Your community contains loads of member and customer data. When you analyze it, you gain access to all types of valuable insight: which users are most engaged, what topics they’re most interested in, who is contributing to discussions and the list goes on. That data becomes even more powerful when combined with data from other systems, like an AMS/CRM, email marketing, marketing automation platform or Google Analytics.
This is the primary job of a data analytics tool: to display the full picture – from how your users interact with the community to which sessions they attended at a conference, and how engagement impacts retention rates and transactions. In short, a data analytics tool is designed to help you prove the value of your community and to provide a comprehensive view into your most important metrics.
Budget is a major consideration, of course, and you’ll want to plan accurately. Data analytics tools come in all shapes and sizes, so you need to select one that meets your organization’s specific needs. Ensure that your financial preparation is successful by accounting for the following:
1. Total cost of ownership
When it comes to data analytics platforms, there are two common approaches we see trending: a data lake and a data warehouse. These approaches relate to how the data is stored, and whichever path you select will set strong parameters around how the data can be used for visualization on the front-end.
How you choose to store your data will also majorly impact the total cost of ownership. Here are specific components to evaluate as you consider the platform and methodology:
- Infrastructure. Some solutions require you to purchase infrastructure while others don’t.
- Staff time. The level of staff involvement varies greatly in implementation, maintenance, and preparing and analyzing reports.
- Consultants. Some platforms require an outside consultant to manage various aspects of a project, from discovery to implementation to ongoing analysis. Others are self-sufficient.
- Training. Some platforms require training to use the platform; others are intuitive and easy to use out-of-the-box.
- Post-launch modifications. The level of effort to customize or modify a platform varies from low (inexpensive and quick) to high (expensive and time intensive).
- Subscription/license fees. Depending on how the platform is hosted, the price structure will either be a lower subscription fee or a high upfront licensing fee.
2. Predictable costs
To budget accurately, you should evaluate your current needs and account for how those will change as your organization grows. How a platform handles scalability is a telltale sign of how expensive it will be over time; you want to be sure customizations and growth potential are inexpensive and easy for your platform.

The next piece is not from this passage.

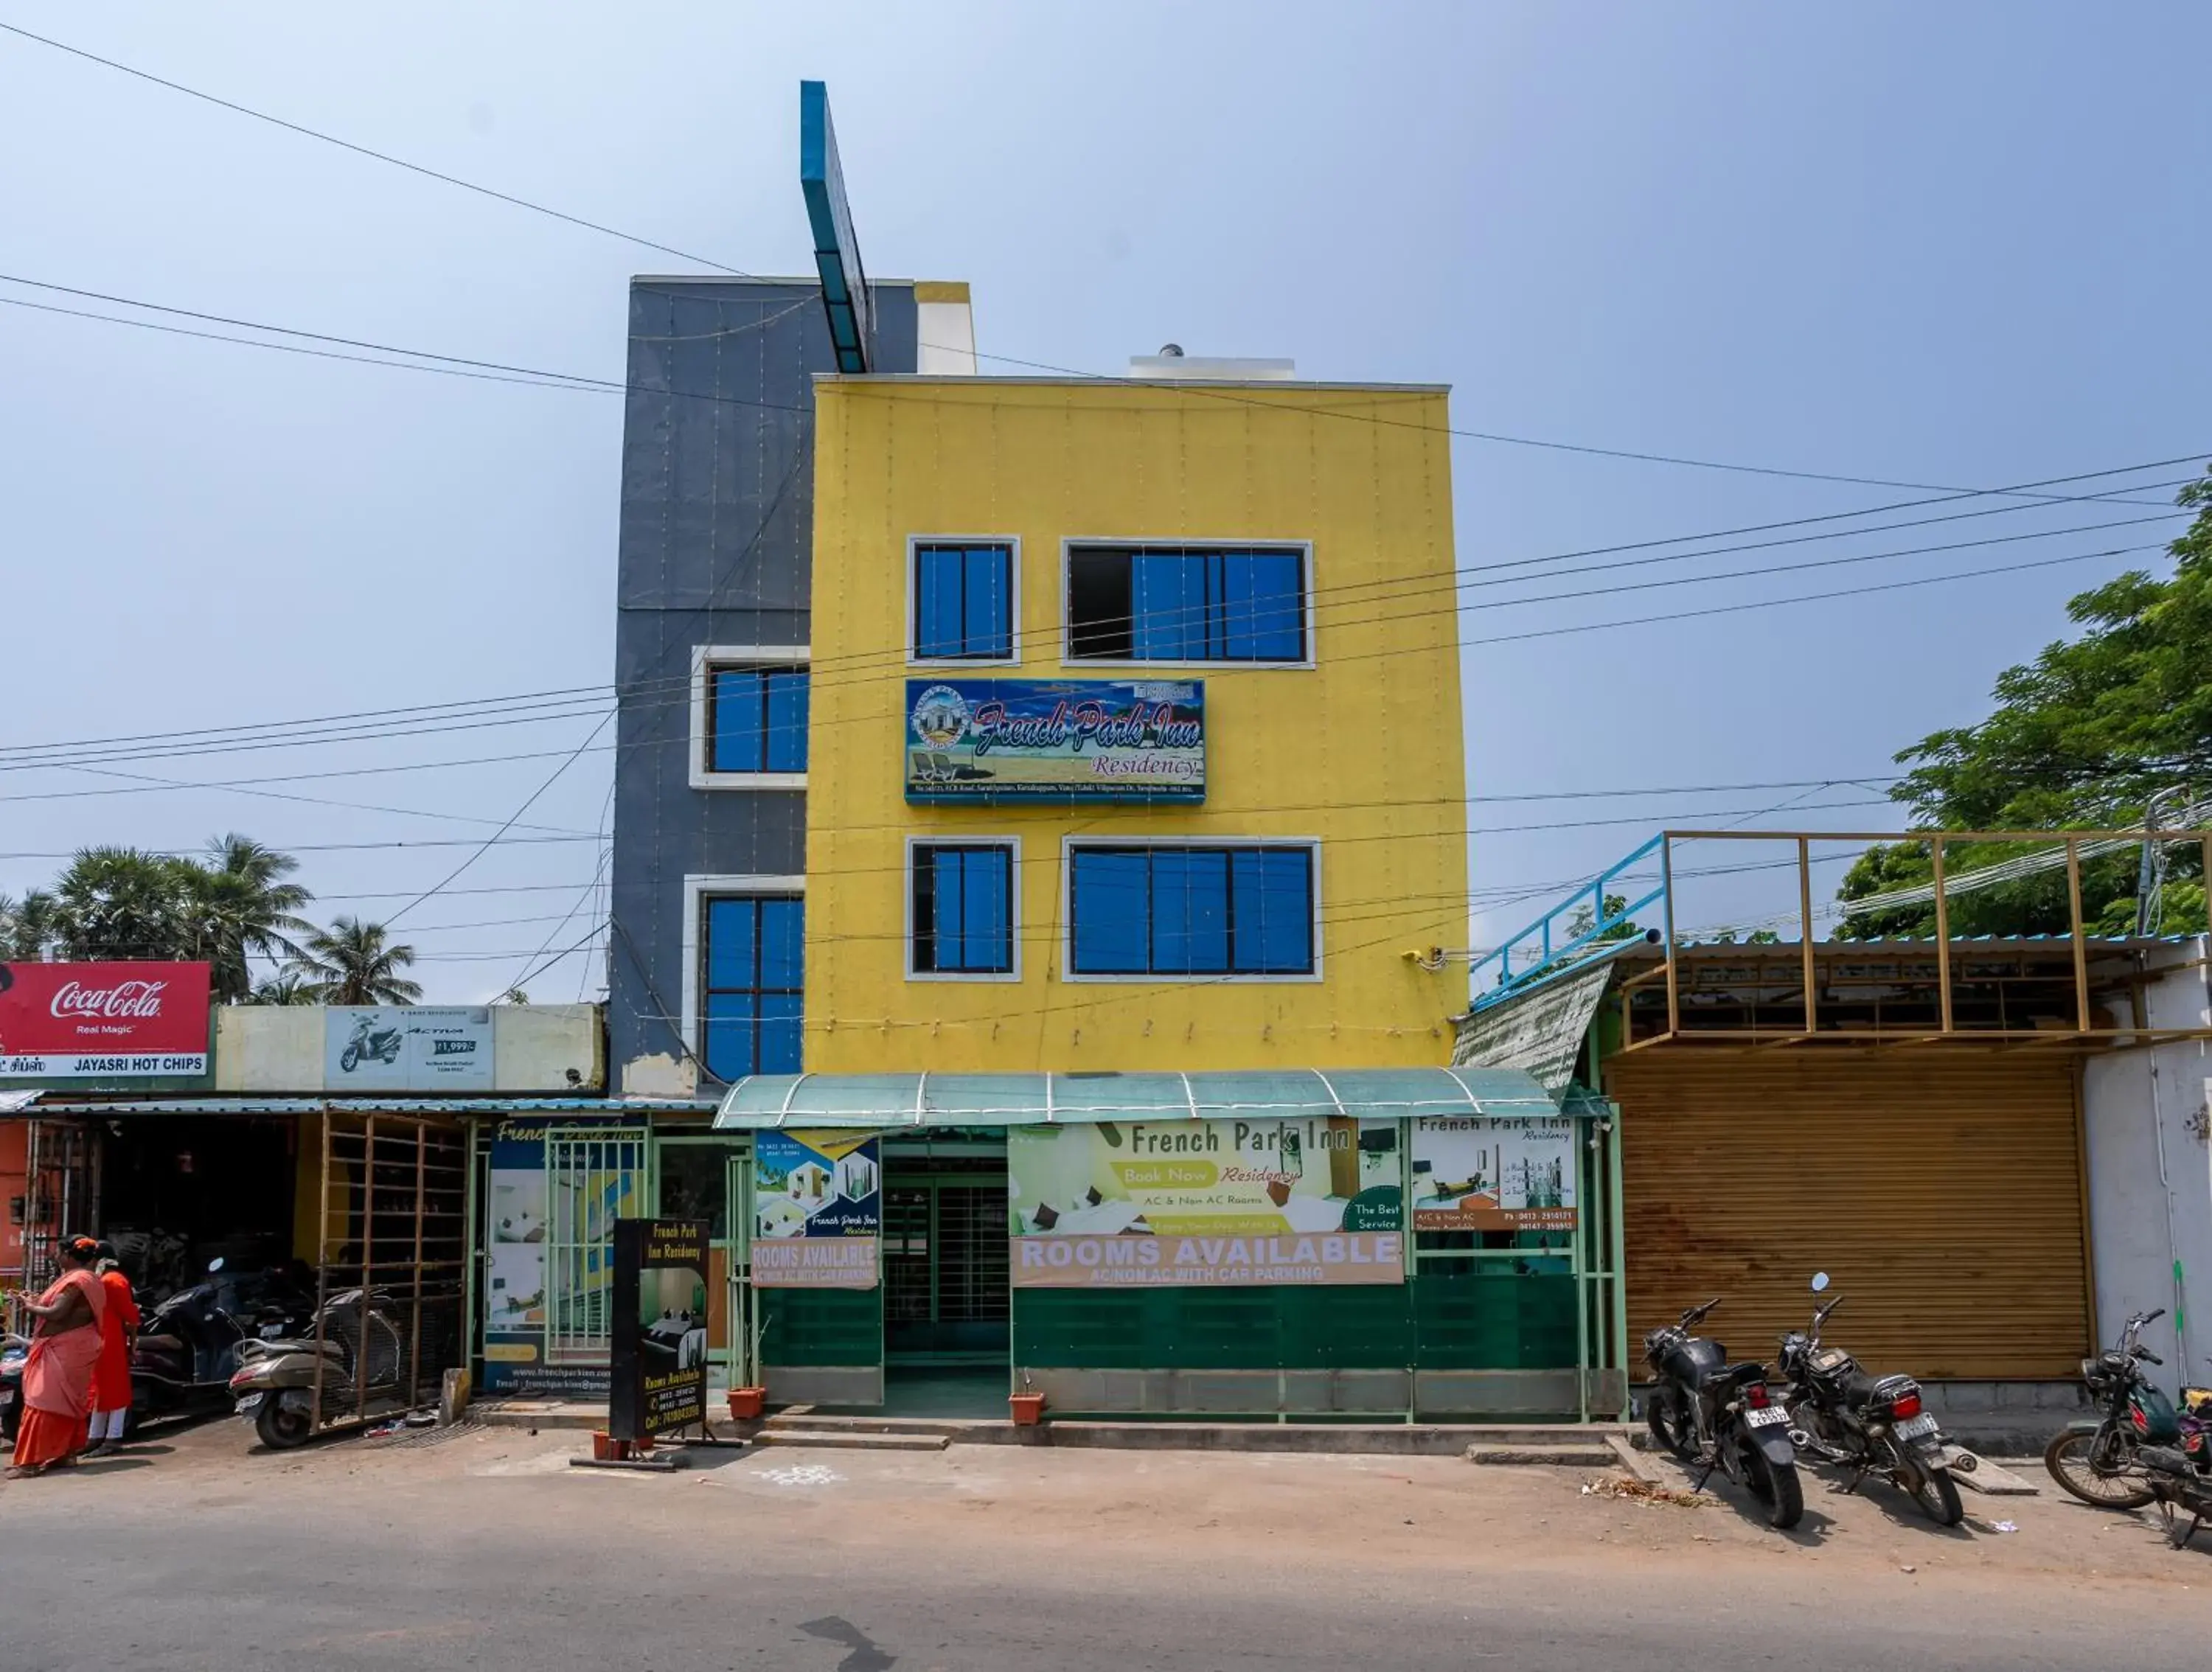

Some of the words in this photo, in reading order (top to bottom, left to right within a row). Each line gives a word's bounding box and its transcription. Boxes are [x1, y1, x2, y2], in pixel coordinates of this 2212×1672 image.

Being able to predict the actual financial commitment is also critical for maintaining accurate budgets. Some options have high startup costs and licensing fees, while others have a predictable subscription model, like SaaS.
Staff resourcing is a cost that isn’t always considered; some solutions require in-house expertise or consultants to maintain the product or even use it efficiently, while others require little to no training.
3. Rapid ROI
Being able to prove return on your investment and cash in on immediate insights is important, but there is a large variance in the time-to-value category. Some options take years, while other solutions can start showing value in weeks.
A project can lose momentum after years in the making, and any data analytics tool that doesn’t offer immediate value will be an uphill battle. A tool that provides value sooner will demonstrate ROI and provide avenues for further investigation, engagement, and adoption across your organization.
4. Risk avoidance
Both cost predictability and time-to-value lower the rate of unsuccessful projects. The longer a project takes to show value, the more risk increases.
Some data analytics platforms require significant capital investment up-front, but without seeing insight along the way, it’s difficult to shift course. Alternatively, a shorter implementation shows less cost variance and lets an organization pivot to adjust easily as needed. A simple change in business model can immediately outdate a platform, so it’s essential to choose one that can be easily modified to meet new business goals.
Account for More Than the Price Tag
Budgeting well means accounting for more than just the price tag; it includes the total cost, from implementation to staffing resources and long-term maintenance. Additional financial considerations include storing your data in a data lake or a data warehouse, and whether you should host it in the cloud, on-premise, or a combination of both.
As you make decisions about your data analytics requirements and develop a budget, you’ll be equipped to start investigating platforms and considering the features that will best fit your functional needs. Combining community data with other essential technologies will bolster your campaigns, increase your successes, and deliver insight that can drive true transformational growth.